The psychedelics renaissance that began in earnest a few years ago is showing itself to be a darling of biotech investors who see a great future ahead for psychedelics as a treatment for many mental health disorders, depression chief among them.
But really, who actually “owns” the psychedelics market today? Who or what is building the momentum? Who or what is actually convincing the consumer, or the patient, that psychedelics is worth a try? Who or what is driving the science? And what does that mean for the future of the industry? Let’s take a look.
– That random dude in apartment 3C. Psychedelics has always been the domain of the guy just selling stuff to make some extra money. That’s been going on since the late 1960s. Sure, the guy has your standard party drug (ecstasy or MDMA). Sure the guy has ‘shrooms. LSD? Yep. In fact, LSD use in the U.S. jumped 56.4 percent from 2015 to 2018, according to a study. The authors of the study suspect that many users may be self-medicating to find relief from depression, anxiety and general stress over the state of the world, as reported in Scientific American. Recreational use of MDMA and psilocybin has increased over the last year, supporting a belief that drug use needs to be seen as one of several lifestyle choices people make, integrated into other aspects of a person’s life, according to a global drug survey. The dude in apartment 3C is still at the right place at the right time. He might even have some other “designer” or synthetic psychedelics he wants to sell you. Is this guy driving the market? In a small sort of unmeasurable way, sure. This guy doesn’t need your ID or your doctor’s note. His market is anyone and everyone. What the guy selling psychedelics has done is make psychedelics a more mainstream party substance that joins cannabis and whatever else you want to do. His marketing plan? Buy it, try it, I got more. Let’s party.
– The researchers in the lab. The humble mental health and wellness scientist has hit upon a research bonanza with psychedelics, particularly psilocybin, MDMA and ketamine. They are discovering some very real help for some of the toughest human health conditions, like treatment-resistant depression, Alzheimer’s, and perhaps even Parkinson’s. One study is looking at using psilocybin to help overcome cocaine addiction. What’s more, the pandemic has encouraged more studies. For example, among the 96 psilocybin studies underway or planned now is one about using psilocybin for caregiver burnout. Promising results from trials with psilocybin and MDMA are forcing the FDA to come to terms with how psychedelics are approved—one of the latest trials using MDMA for PTSD may result in the FDA granting approval for treatment sometime this year after results of the second phase 3 trial. Are these discovery and regulatory actions driving the market? Yes and no. They are laying the groundwork for the huge market to come. But they have to get these wonder-psychedelics out of the lab first.

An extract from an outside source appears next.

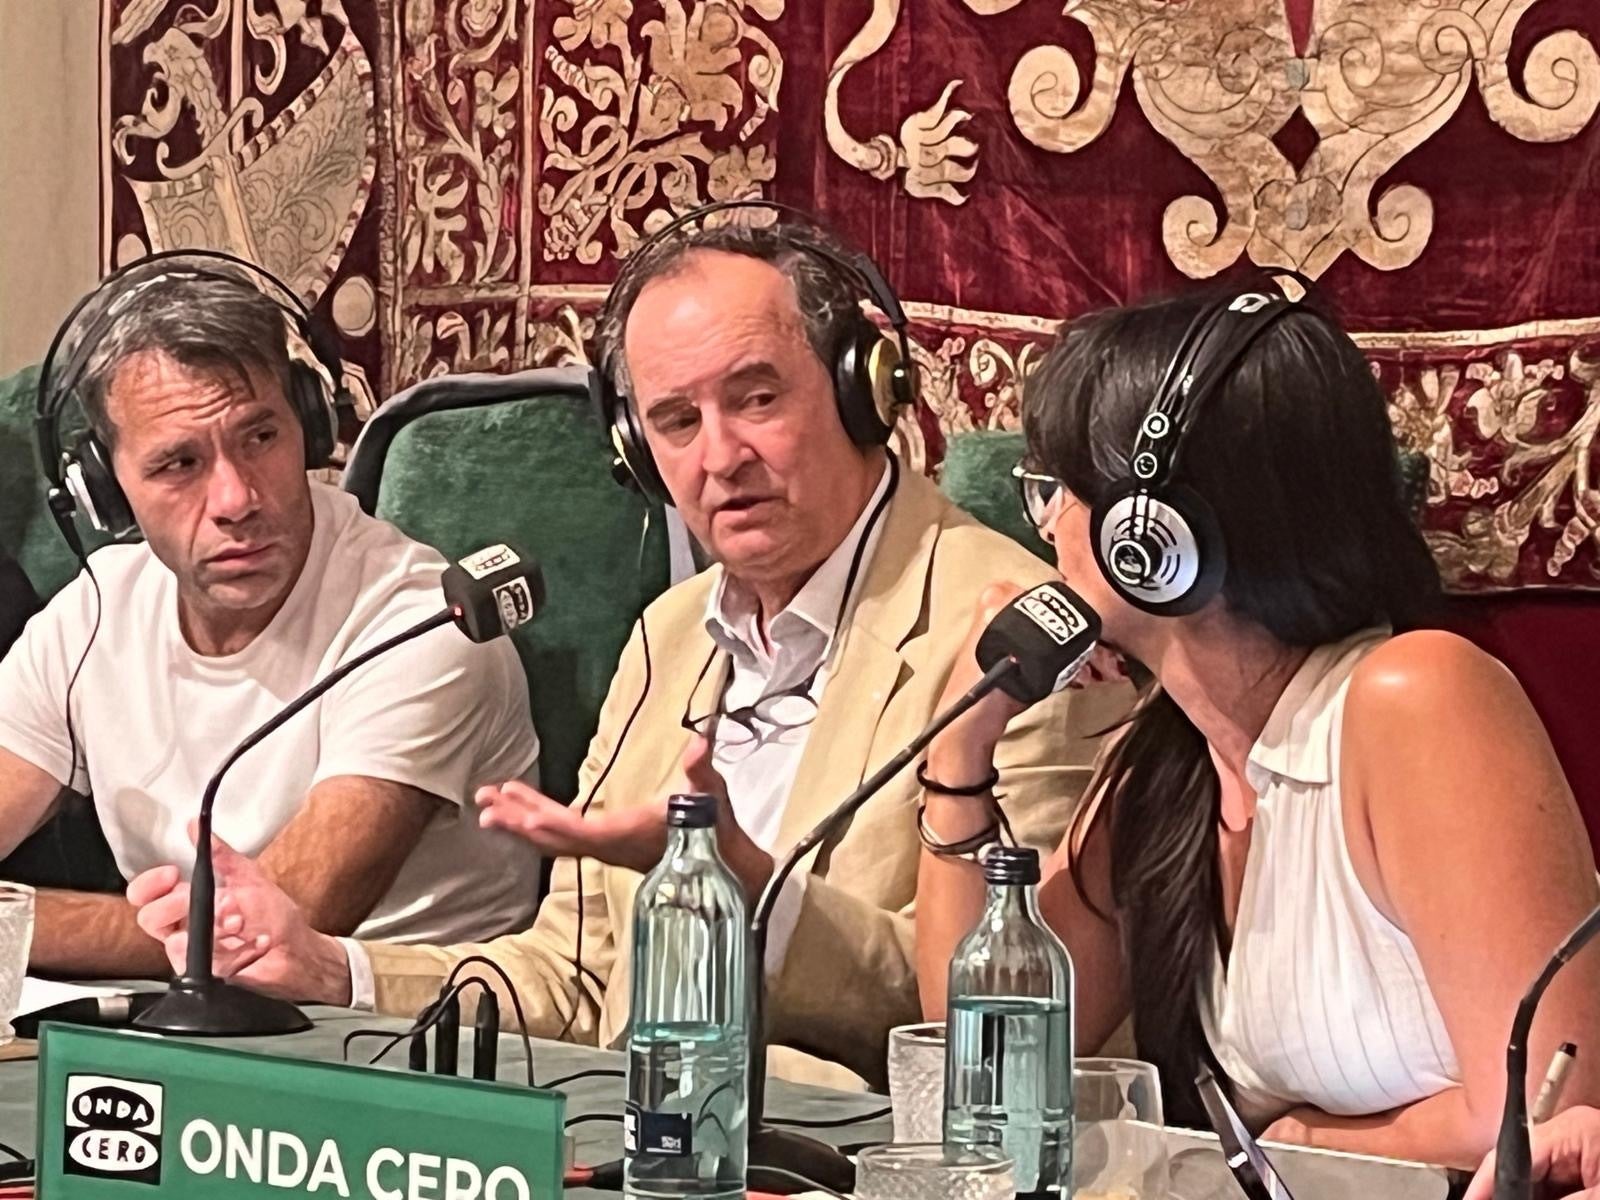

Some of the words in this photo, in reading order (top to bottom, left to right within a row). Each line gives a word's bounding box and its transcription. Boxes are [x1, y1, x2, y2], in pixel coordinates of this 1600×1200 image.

[78, 1095, 149, 1122] ONDA
[81, 1136, 146, 1164] CERO
[180, 1118, 351, 1198] ONDA

– The million-dollar startup crowd. Investors have been sniffing around the psychedelics industry for awhile now and creating the perfect storm of laying down big money while readying themselves for bigger money. There are more than 50 publicly traded companies related to the development or administration of psychedelic drugs in the U.S., with at least 3 valued at more than $1 billion. The market for psychedelic substances is projected to grow from $2 billion in 2020 to $10.75 billion by 2027, a growth rate that may even outpace the legal U.S. cannabis market. The payoff for investors who got in early is now in sight, and that payoff cycle—boosted by more research and a changing mindset among regulators as more states decriminalize psychedelics—could be very big indeed. Investors are talking about more mature entrepreneurs getting into the psychedelics space, bringing a new generation of business models and visions with them. Those billion dollar earning psychedelics-based drugs are coming. Yes, startups creating companies, or buying and selling and merging companies, are definitely driving the market. But all they own right now is the promise of something big to come. That promise is enough to bank on for now.